Experiment with Uncertainty Sampling

We now present results from a time-series experiment on images collected and labeled for the purpose of measuring uncertainty sampling's impact on model accuracy and labeling cost. There are 500 images of a gate, and the task is to determine in every image if the gate has been left open or closed. All images in the experiment are labeled so we know the correct responses. But note1 that this would not be the case if we were running active learning in real life because, by design, active learning does not recruit labels on high confidence images.

Our results compare the performance of three models trained under different protocols:

  1. No uncertainty sampling, all images are escalated for manual review and labeling
  2. Moderate uncertainty sampling, predictions less than 95% confident get escalated
  3. Aggressive uncertainty sampling, only predictions below 75% confidence are escalated

The training sets of all three models are initialized with the same 20 images, 10 labeled from each class.
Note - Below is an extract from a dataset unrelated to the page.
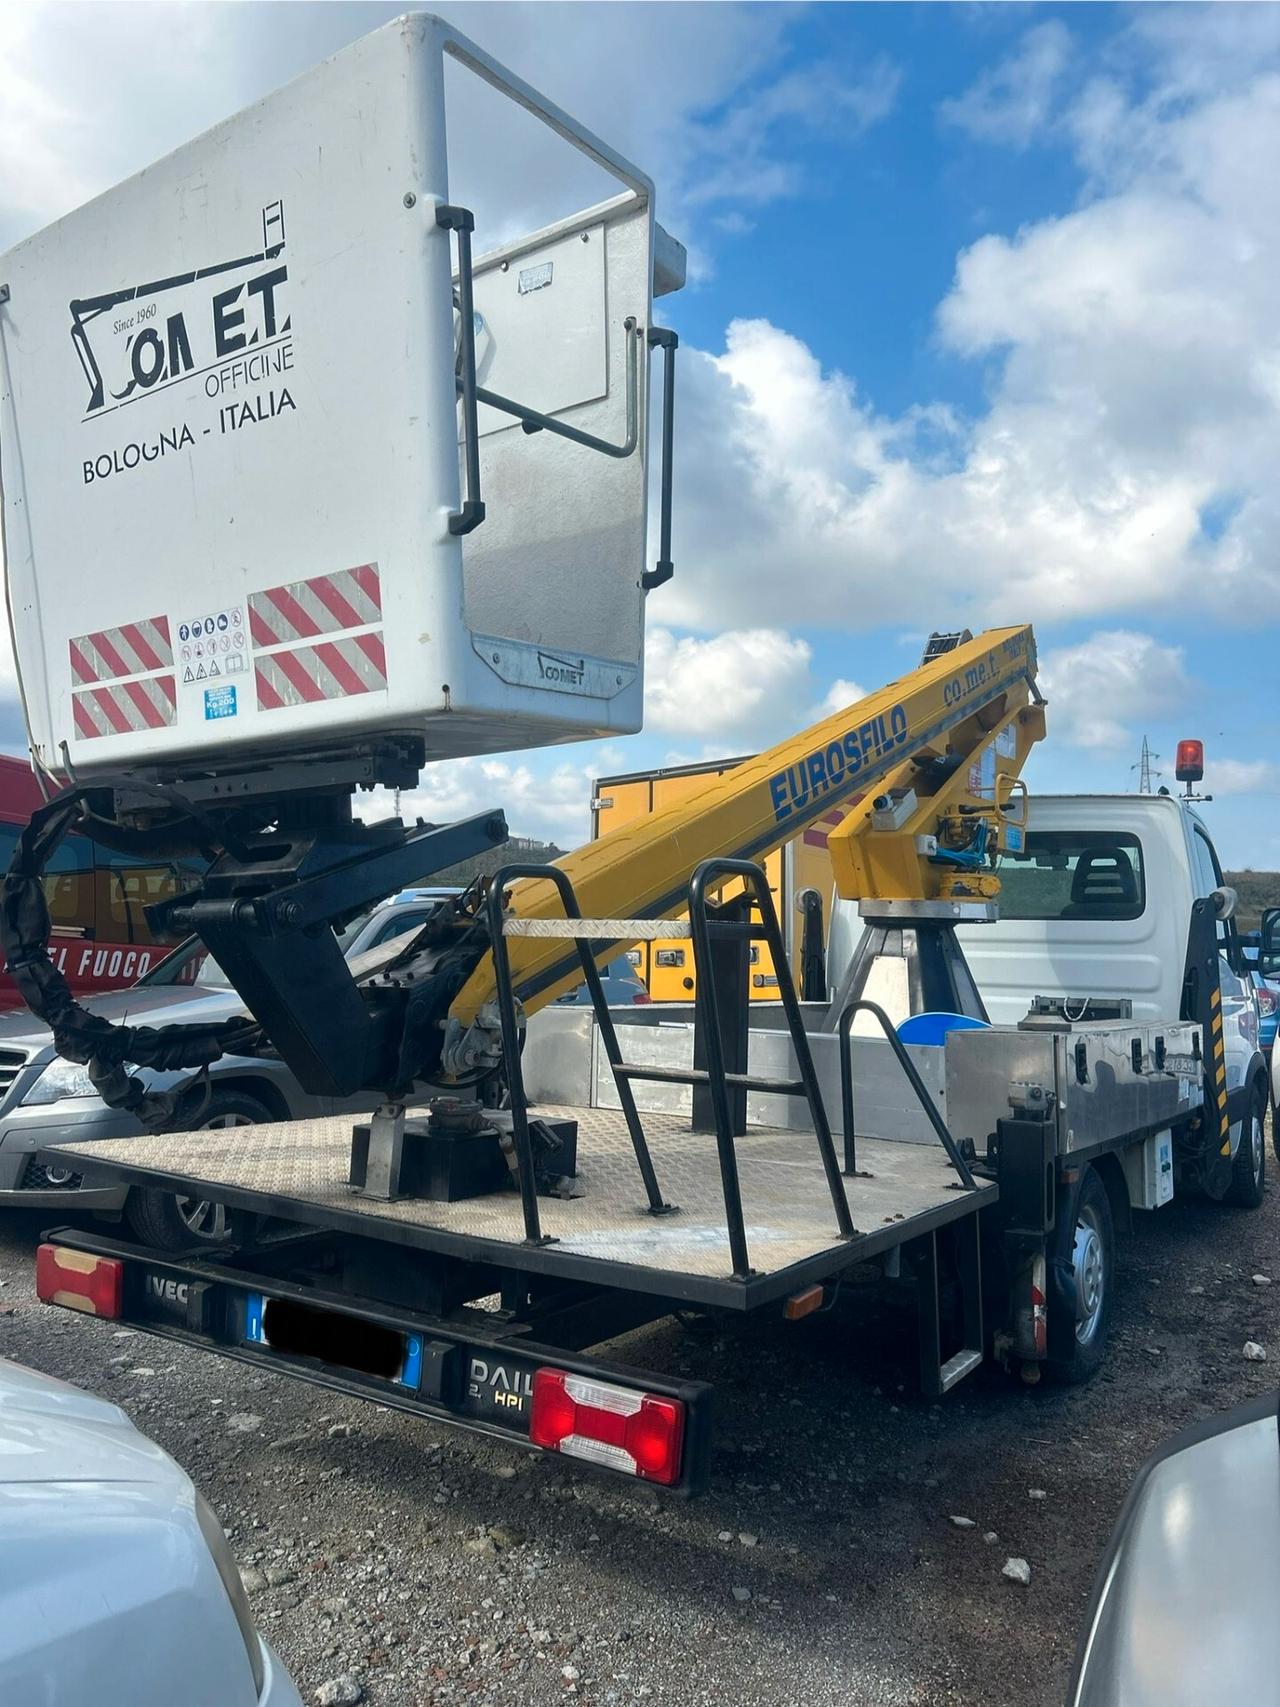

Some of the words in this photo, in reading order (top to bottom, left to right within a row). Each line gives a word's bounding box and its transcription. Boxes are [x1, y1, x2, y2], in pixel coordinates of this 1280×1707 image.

The plot below shows that the model trained with moderate uncertainty sampling (confidence threshold 95%) has an error rate similar to the model trained without any uncertainty sampling. This demonstrates that uncertainty sampling can fit a model as accurately as labeling and training on all the available data.

On the other hand, aggressive uncertainty sampling (confidence threshold 75%) escalates too few images for labeling, resulting in a model trained on less data which makes more mistakes. This shows how the confidence threshold controls the trade off between model accuracy and labeling costs from manual labeling. Indirectly, it also demonstrates the need for calibrating models so their reported confidences reflect observed frequencies and can be used for making decisions about when to escalate. We calibrate machine learning models at Groundlight though the details are beyond the scope of this post.

Strikingly, plotting the number of images escalated by each model shows that active learning dramatically reduces labeling costs. The model trained without uncertainty sampling escalates all 500 images for review manual review. In contrast, the model trained with moderate uncertainty sampling escalates only 132 images in total. This is a nearly 75% reduction in manual labeling and cost with little change in model error. Aggressive uncertainty sampling escalates even fewer images, only 60, but the resulting model has noticeably higher error as observed in the plot above.

Conclusion

At Groundlight, we use active learning to reduce labeling costs for our customers. In particular, we use a variant based on uncertainty sampling that is extremely effective and easy to explain. A small experiment on an image time-series dataset shows that uncertainty sampling can dramatically reduce the number of images labeled without impacting model accuracy. If you want to learn more about active learning and its various formulations, definitely check out the references below.

References

  1. Settles, Burr. Active learning literature survey. University of Wisconsin-Madison Department of Computer Sciences, 2009.
  2. Weng, Lilian. "Learning with not Enough Data Part 2: Active Learning." Lil'Log, February 20 2022. April 29 2024.

Footnotes

  1. In practice, we audit a constant fraction of confidently predicted images for review that serve as an additional source of labeled data.